Notes : je trouve pour ma part, concernant le personnage de Fenrir Greyback, que son adaptation en film n'était pas du tout suffisamment horrifique et, étant une grande fan des Demon's Souls, Dark Souls et Bloodborne, je l'imagine bien davantage comme une sorte de Père Gascoigne de Bloodborne en VRAIMENT pire. Pour son apparence, elle est donc plutôt du côté très horreur de celles que vous pourrez trouver sur le web (de vrais crocs, des traits très éloignés d'un homme etc - meilleure exemple = principale illustration de l'article du site de la gazette du sorcier sur lui, ainsi que les concepts art pour lui par Rob BLISS)


Partis. Sans elle.

Bien sûr, au début, quand Bellatrix lui avait craché ça au visage, avec une joie sadique non dissimulée, Hermione avait refusé d'y croire... puis ils lui avaient montré la cave vide. Elle avait été torturée encore, parce que la perspective d'être abandonnée, "laissée derrière", l'avait transportée dans un état de panique. Un jour était passé, puis un autre, puis encore un autre... et ainsi de suite... Elle avait cessé de compter ces foutus jours, pour la simple et bonne raison qu'elle ne voyait pas un traître rai de lumière ici-bas, dans sa geôle du manoir Malfoy. Journées et nuits se mixaient en un continuum temporel atrocement fluide et immuable, qui la rendait malade.

Son unique notion du temps filant était le nombre de fois qu'ils la sortaient de sa cellule pour la torturer à coups d'endoloris, de sectumsempra. De temps en temps même, ils lançaient le sortilège de l'imperium et la contraignaient à se blesser elle-même. Cependant, ils la gardaient en vie et, pour cause, elle faisait tout pour le rester. Elle prenait garde à ne rien révéler de crucial, à ne divulguer que des informations non vitales sur la résistance, mais le peu qu'elle leur offrait lui avait pour l'heure permis de survivre. De rester... utile. Assez en tout cas pour mériter un bout de pain sec et un bol d'eau de temps en temps et de ne pas finir déchirée entre les crocs des loups-garous, Greyback en tête, ou torturée à mort par les Mangemorts.

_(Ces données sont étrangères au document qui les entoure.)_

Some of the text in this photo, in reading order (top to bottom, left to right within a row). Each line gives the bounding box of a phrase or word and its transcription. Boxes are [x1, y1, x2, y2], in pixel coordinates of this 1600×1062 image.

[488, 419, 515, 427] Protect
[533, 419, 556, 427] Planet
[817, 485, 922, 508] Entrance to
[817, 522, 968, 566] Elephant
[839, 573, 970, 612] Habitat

Parfois, pour tenir, elle s'évertuait à se remémorer aussi fidèlement que possible le moindre petit moment heureux passé avec ses amis, avec Harry, avec Ron... Elle ne leur en voulait même pas. Elle comprenait leur décision logique ; ce n'était pas comme s'ils avaient eu le choix. C'était la seule chose à faire et ils n'avaient eu qu'une poignée de secondes pour prendre cette terrible, mais nécessaire décision. Elle savait qu'ils étaient très certainement en train d'échafauder des plans pour la récupérer, mais... tiendrait-elle jusque-là ? Ou ne viendraient-ils que sauver ce qui n'était plus ? Venir pour découvrir un vulgaire cadavre dans une froide cellule ?

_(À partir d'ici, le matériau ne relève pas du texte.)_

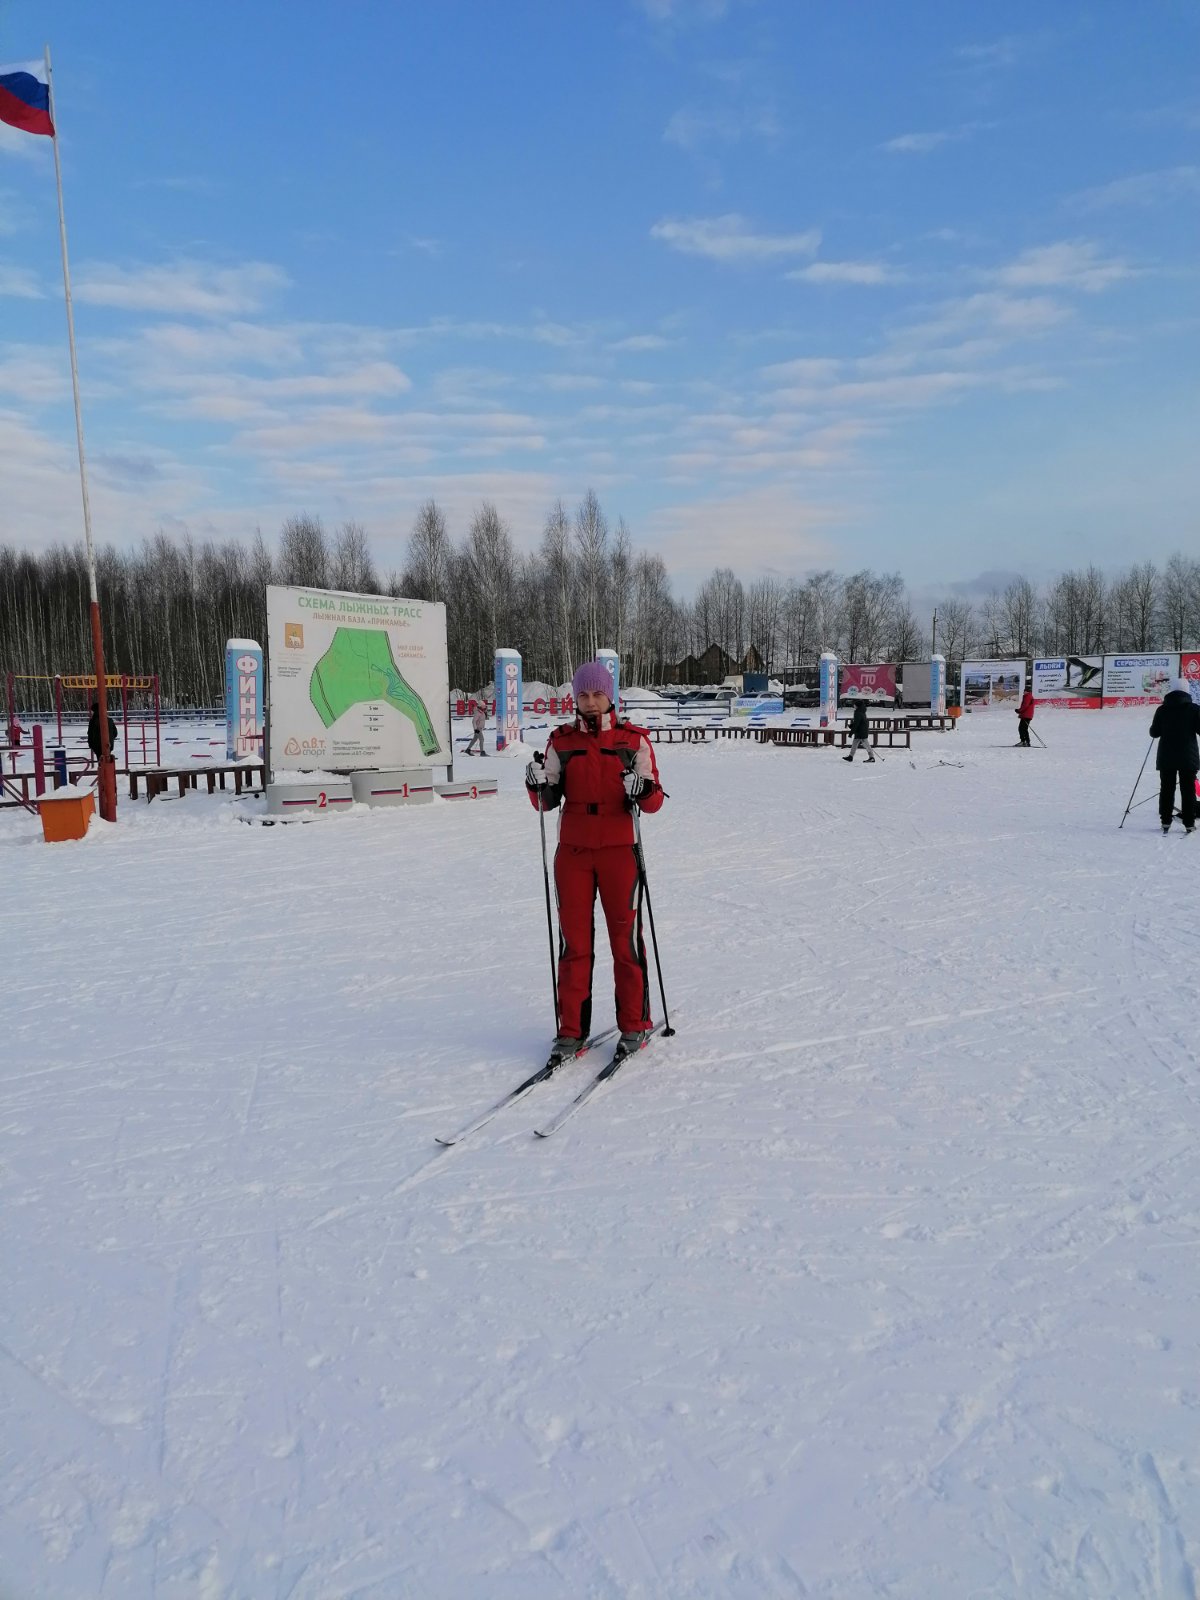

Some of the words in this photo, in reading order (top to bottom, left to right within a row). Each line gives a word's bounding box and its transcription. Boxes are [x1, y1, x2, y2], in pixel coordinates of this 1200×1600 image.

[298, 596, 336, 611] СХЕМА
[339, 601, 389, 615] ЛЫЖНЫХ
[392, 606, 423, 618] ТРАСС
[312, 612, 345, 622] ЛЫЖНАЯ
[347, 616, 366, 624] БАЗА
[859, 673, 876, 685] ГТО
[236, 655, 260, 757] ФИНИШ
[505, 662, 520, 744] ФИНИШ
[302, 749, 326, 757] спорт
[401, 782, 409, 798] 1
[470, 785, 478, 800] 3
[318, 791, 327, 808] 2

Dieu merci, pour son mental au moins, elle ne possédait aucun miroir et s'efforçait de ne pas regarder dans ceux qu'elle croisait quand ils la sortaient pour sa session journalière de souffrance. Le stress, l'épuisement, la malnutrition. Sa chevelure autrefois opulente à présent terne. Elle perdait des cheveux. Ses muscles se délitaient, se faisaient bouffer peu à peu, son corps ne recevant pas assez de nourriture. Son visage prématurément marqué, vieilli, ses joues auparavant pleines maintenant creusées, ses lèvres fendues, gercées, ses yeux cernés et paraissant immenses à cause de l'intense maigreur. Evidemment, elle n'était jamais lavée ; un clochard aurait été plus présentable qu'elle l'était aujourd'hui.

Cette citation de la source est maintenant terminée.